The nurse stepped over and began checking him out.

‘I saw her,’ he muttered, ‘I know I did.’

‘It’s okay. It was probably the pain relief. Maybe you should get some sleep now?’

‘Alright,’ he responded.

The nurse smiled and left.

He shut his eyes and began dozing.

‘There you’re feeling better now, aren’t you?’

He snapped open his eyes and looked up into the face of the old nurse.

Fall

When he fell off the ladder, he thought he was going to die. Luckily, he walked away with only breaks and bruises.

Crash

The air tasted like dust and her feet were killing her, yet Sam still pressed on. All around she could hear voices shouting and crying, though some were echoes that had travelled. She reached out a hand in the darkness and found the brick wall next to her.
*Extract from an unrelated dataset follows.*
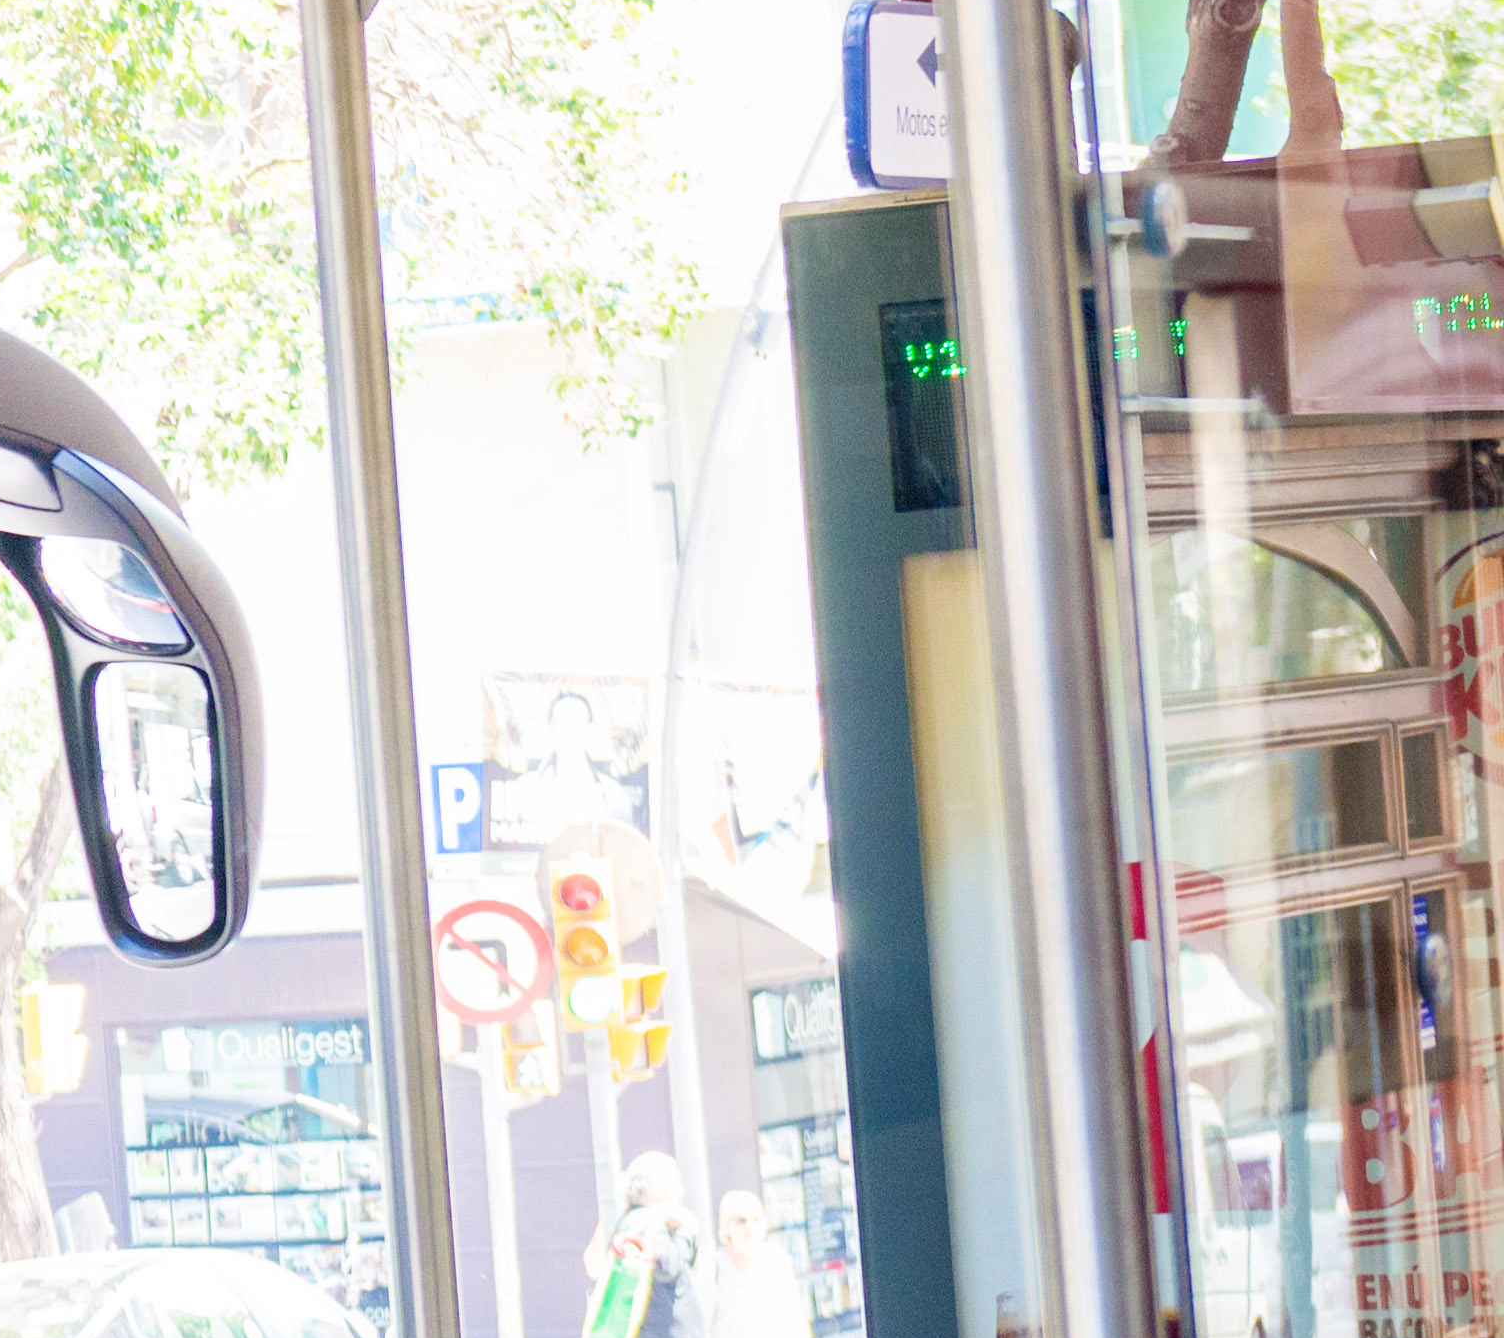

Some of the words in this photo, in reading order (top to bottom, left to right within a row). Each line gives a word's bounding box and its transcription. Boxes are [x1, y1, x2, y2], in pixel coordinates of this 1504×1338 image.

It was still trembling like the rest of the tunnel was.

She leant against the wall, suddenly feeling like she couldn’t go on. In flashes the events of the last two hours played in her mind like a skipping DVD. She had gotten the train like normal from work, only she’d been more tried and upset tonight. All the carriages had been packed out, but luckily someone had given her a seat. She’d had an energy bar and shut her eyes, more to stop herself from crying then to actually go to sleep.
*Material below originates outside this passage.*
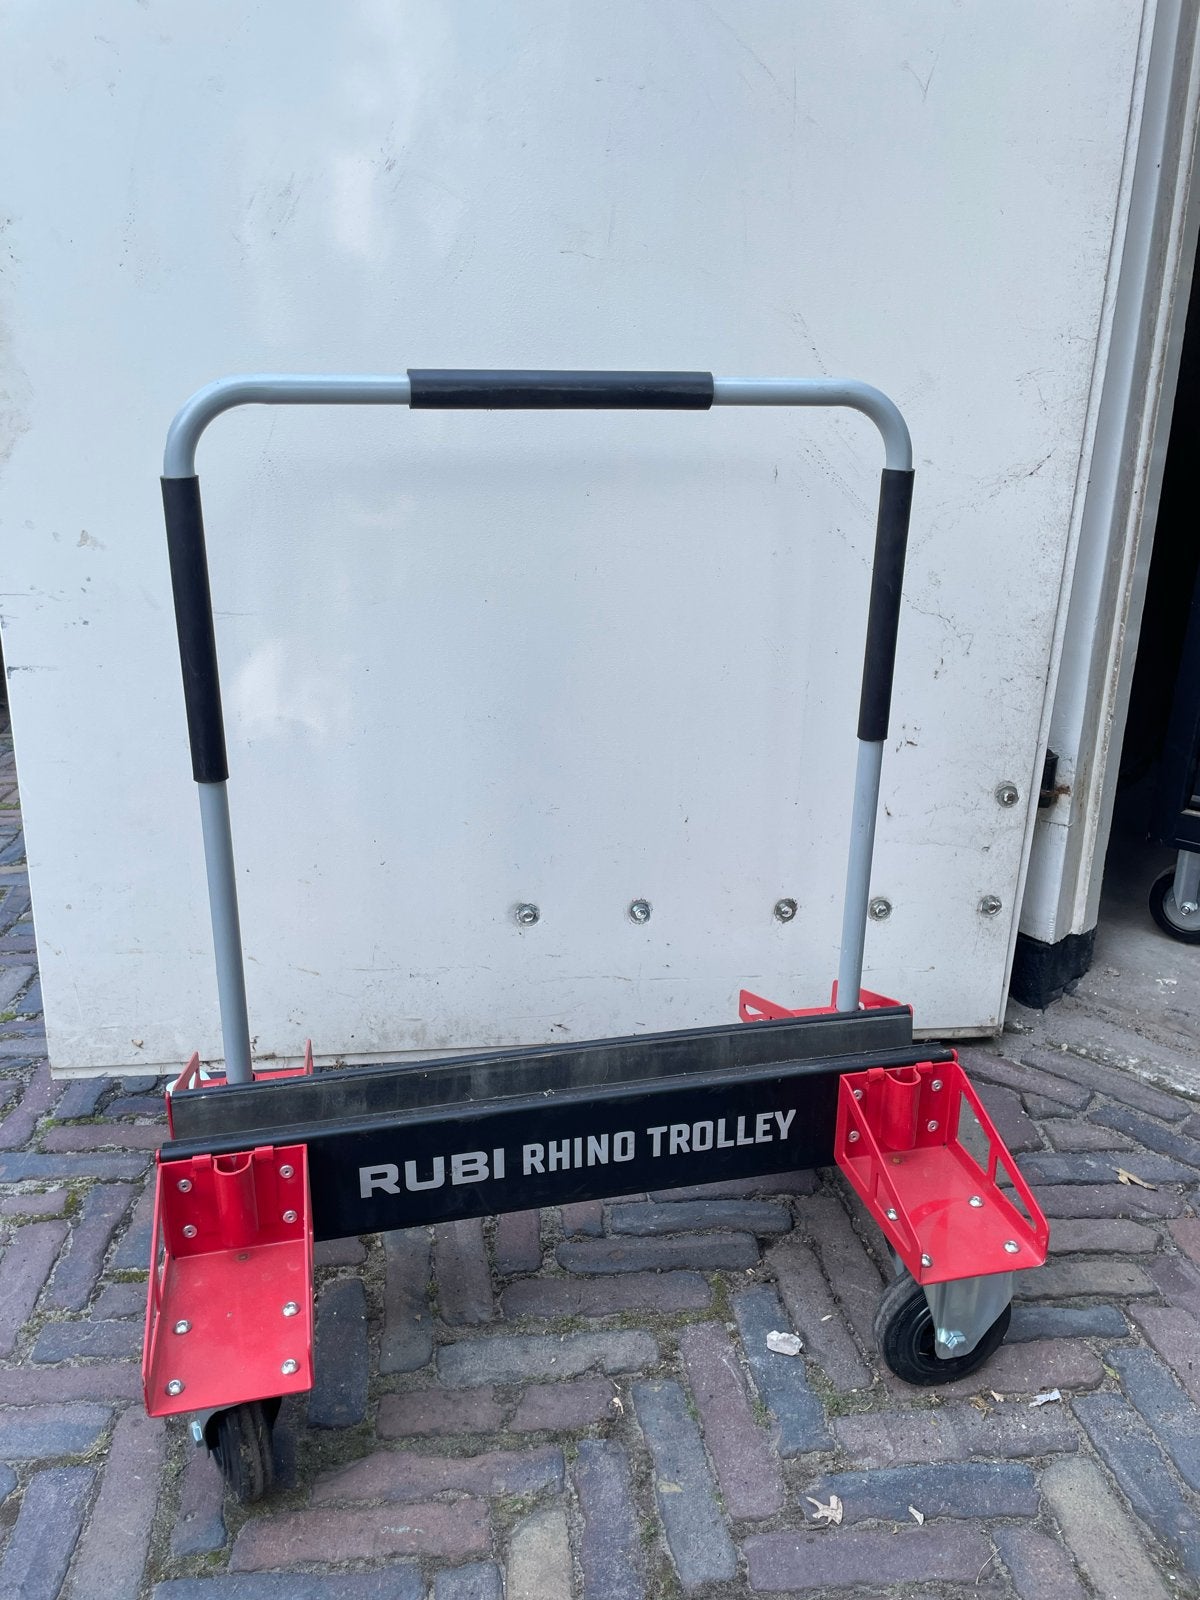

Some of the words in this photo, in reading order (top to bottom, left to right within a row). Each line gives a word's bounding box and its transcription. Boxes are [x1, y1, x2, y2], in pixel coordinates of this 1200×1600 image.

[359, 1148, 505, 1198] RUBI
[522, 1131, 635, 1176] RHINO
[646, 1109, 797, 1157] TROLLEY
The train rocking underneath her had felt soothing and the twenty-minute journey should have passed calmly. However, the second they had hit the tunnel something had felt wrong. Maybe it had been the speed or the sound of the engine? Whatever it was became a factor in the accident which had led to Sam being where she was now.

Taking in a few deep breaths, she gingerly rubbed her bulging stomach. The cramp swirling inside of there was making her feel sick and dizzy. Digging her nails into the wall, Sam bent over and took a few more deep breaths. She had read somewhere that doing so could help. Trying to wet her mouth and lips with a half dust covered tongue, she wondered if she should have just stayed.

It had been bad back there though with the dead, the dying and the seemly never-ending screams of the trapped, injured people, who were desperate for help. Those able had been helping and one of them had pulled Sam out of a broken window. He had told her to sit down with the injured people next to the wall and she had for a little while.

She had been feeling fine and had agreed to go with a group to get help. Then the cramps had come and she had encouraged them to leave her behind. Making large circles with her hand, she stood up and slowly began walking. She felt the baby kick and had to pause again.

The shock and stress had clearly affected him and Sam hoped nothing was wrong. Struggling on, she realised that was the reason she wanted to get out quickly. Though, as the tunnel and darkness stretched out, her mind was changing fast. Still, how many times had she been in here on the train? Enough, to know my way and how long it takes, she thought and then noticed that if it took a train eight minutes, it would probably take her longer, especially in the dark.

Biting her lip and feeling more determined, she pressed on. A yellow light seemed to be glowing ahead, but she couldn’t be sure this was the way out. What if it was another train? Or someone carrying a torch? Fighting back any fears, she convinced herself it was the exist and still couldn’t believe it as she stepped outside and into more chaos.